Jewish Enough to Know Better
A guest post from a Jewish American writer and public health expert
This is a guest piece by Eve of
, a Jewish American writer and public health expert. I encourage my readers of Let’s Address This to read this with the same care and support that you graciously offer while reading my pieces. I am grateful to voices like that of Eve for speaking truth to power, elevating calls for justice and humanity, and recognizing the need for unity in these difficult times. I hope you enjoy and share her piece below. Let’s Address This.I grew up never being “Jewish enough.”
My dad is Jewish. My mom isn’t. I lived in a predominantly Jewish town where I went to a total of 17 bat/bar mitzvahs, but I didn’t go to Hebrew school myself. I knew the words to “Hava Nagila” but my parents never even told me my Jewish name until I was 20 years old and was stopped by Israeli immigration boarding a Birthright flight to Tel Aviv. Jewish enough to go on Birthright but not enough to be accepted by synagogues as part of the insider community. The inconsistency is laughable.

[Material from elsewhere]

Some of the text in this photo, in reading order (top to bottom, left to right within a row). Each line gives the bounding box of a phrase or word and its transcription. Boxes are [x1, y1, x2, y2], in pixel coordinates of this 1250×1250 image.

All that said, I was close enough to hear “never again” on repeat from my Jewish friends and family my entire life. And I always wondered: never again for who?

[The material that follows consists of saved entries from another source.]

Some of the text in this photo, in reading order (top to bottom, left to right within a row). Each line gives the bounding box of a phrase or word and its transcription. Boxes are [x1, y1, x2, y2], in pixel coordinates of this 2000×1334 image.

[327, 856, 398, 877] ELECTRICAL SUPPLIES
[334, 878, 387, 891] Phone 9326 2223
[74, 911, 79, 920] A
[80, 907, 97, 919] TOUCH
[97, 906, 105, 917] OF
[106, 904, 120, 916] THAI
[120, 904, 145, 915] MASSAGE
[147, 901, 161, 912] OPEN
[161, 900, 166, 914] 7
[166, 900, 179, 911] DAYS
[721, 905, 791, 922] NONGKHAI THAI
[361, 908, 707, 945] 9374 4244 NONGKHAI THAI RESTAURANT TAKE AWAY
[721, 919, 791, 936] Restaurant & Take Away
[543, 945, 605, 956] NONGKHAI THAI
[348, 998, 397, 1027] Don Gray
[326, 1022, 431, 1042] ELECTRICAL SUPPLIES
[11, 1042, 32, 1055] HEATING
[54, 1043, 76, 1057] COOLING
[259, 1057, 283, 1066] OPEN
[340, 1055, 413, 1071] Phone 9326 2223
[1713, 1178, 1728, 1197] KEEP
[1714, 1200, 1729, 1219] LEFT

Israel has made the answer devastatingly clear. The Israeli government’s deliberate, unrelenting attacks on Palestinian civilians causing over 60,000 deaths proves that “never again” was never meant for everyone.
As of this month, two of the three official famine thresholds have been breached in Gaza and conditions are deteriorating so quickly that the worst-case famine scenario is no longer hypothetical. Over 95% of Gaza lacks access to clean drinking water because fuel shortages and collapsing infrastructure has disabled desalination plants. At least 500 attacks on medical facilities have been documented since the war began, and only 4 of 22 UN-run clinics remain. More than 1,000 Palestinians have been killed since May 2025 by aerial strikes while trying to access food distribution sites.
The conflict is devastating from every angle, but women are paying a distinct and disproportionate price:
Sanitation facilities for menstruating people have collapsed. Without clean water, hygiene products, or functioning toilets, menstruation becomes a source of infection and shame; yet another reminder that even in crisis, women’s needs are last on the list.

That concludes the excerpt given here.